Revision as of 19:32, 22 November 2021

Problem

Mr. Lopez has a choice of two routes to get to work. Route A is $6$ miles long, and his average speed along this route is $30$ miles per hour. Route B is $5$ miles long, and his average speed along this route is $40$ miles per hour, except for a $\frac{1}{2}$-mile stretch in a school zone where his average speed is $20$ miles per hour. By how many minutes is Route B quicker than Route A?

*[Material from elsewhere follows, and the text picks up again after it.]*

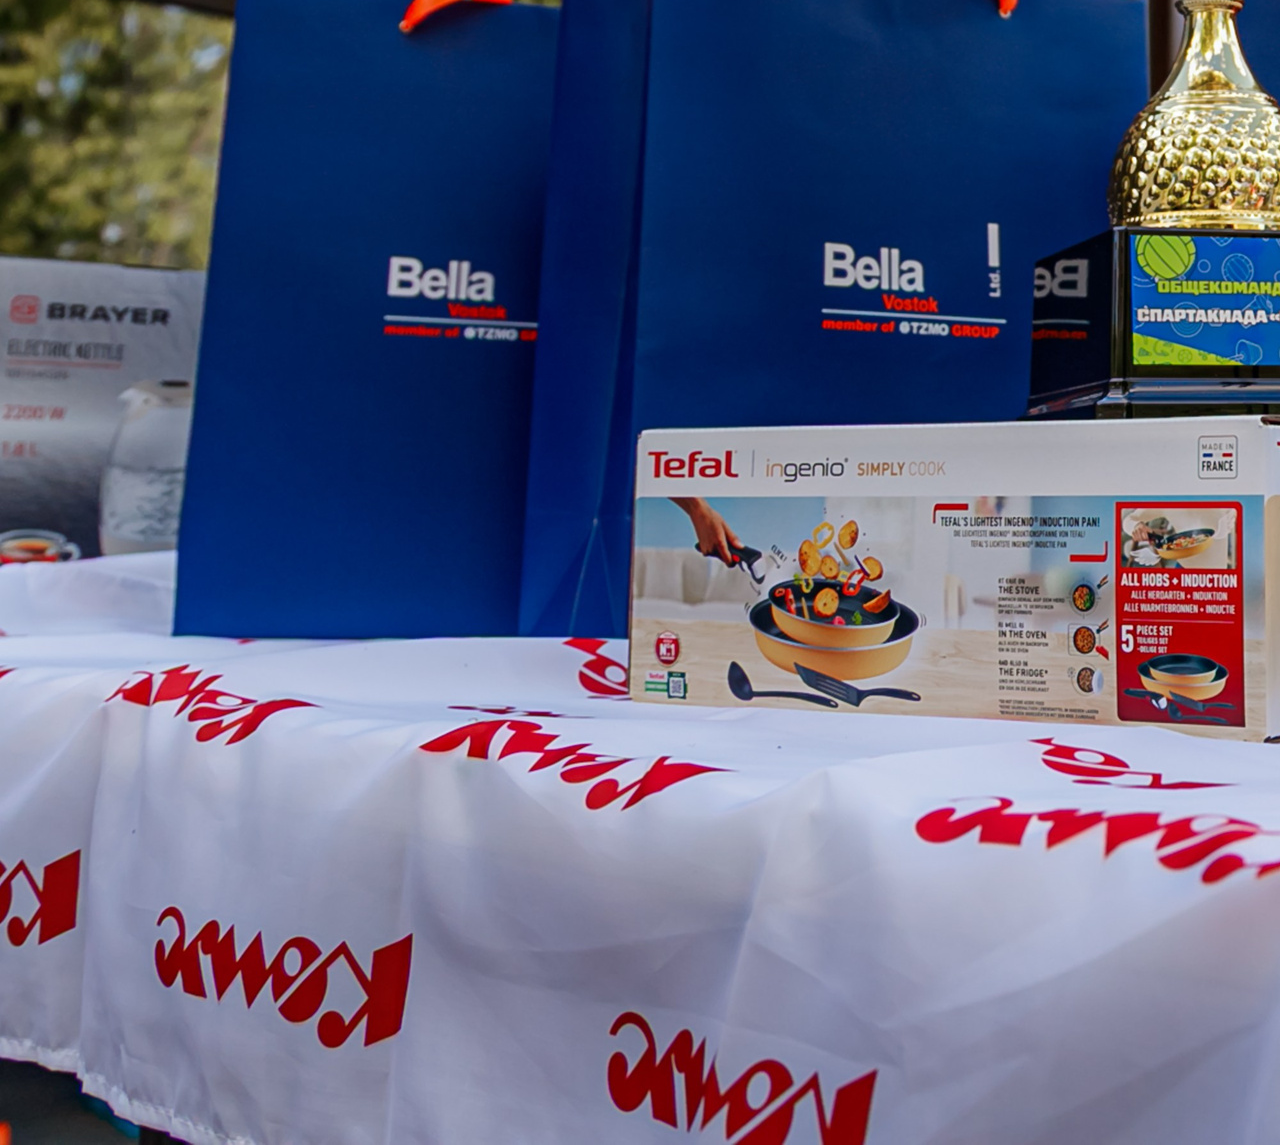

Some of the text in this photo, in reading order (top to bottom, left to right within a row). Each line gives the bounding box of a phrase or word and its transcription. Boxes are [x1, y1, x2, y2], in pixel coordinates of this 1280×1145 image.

$\textbf{(A)}\ 2 \frac{3}{4}  \qquad\textbf{(B)}\  3 \frac{3}{4} \qquad\textbf{(C)}\  4 \frac{1}{2} \qquad\textbf{(D)}\  5 \frac{1}{2} \qquad\textbf{(E)}\ 6 \frac{3}{4}$

Solution

If Mr. Lopez chooses Route A, then he will spend $\frac{6}{30}=\frac{1}{5}$ hour, or $12$ minutes.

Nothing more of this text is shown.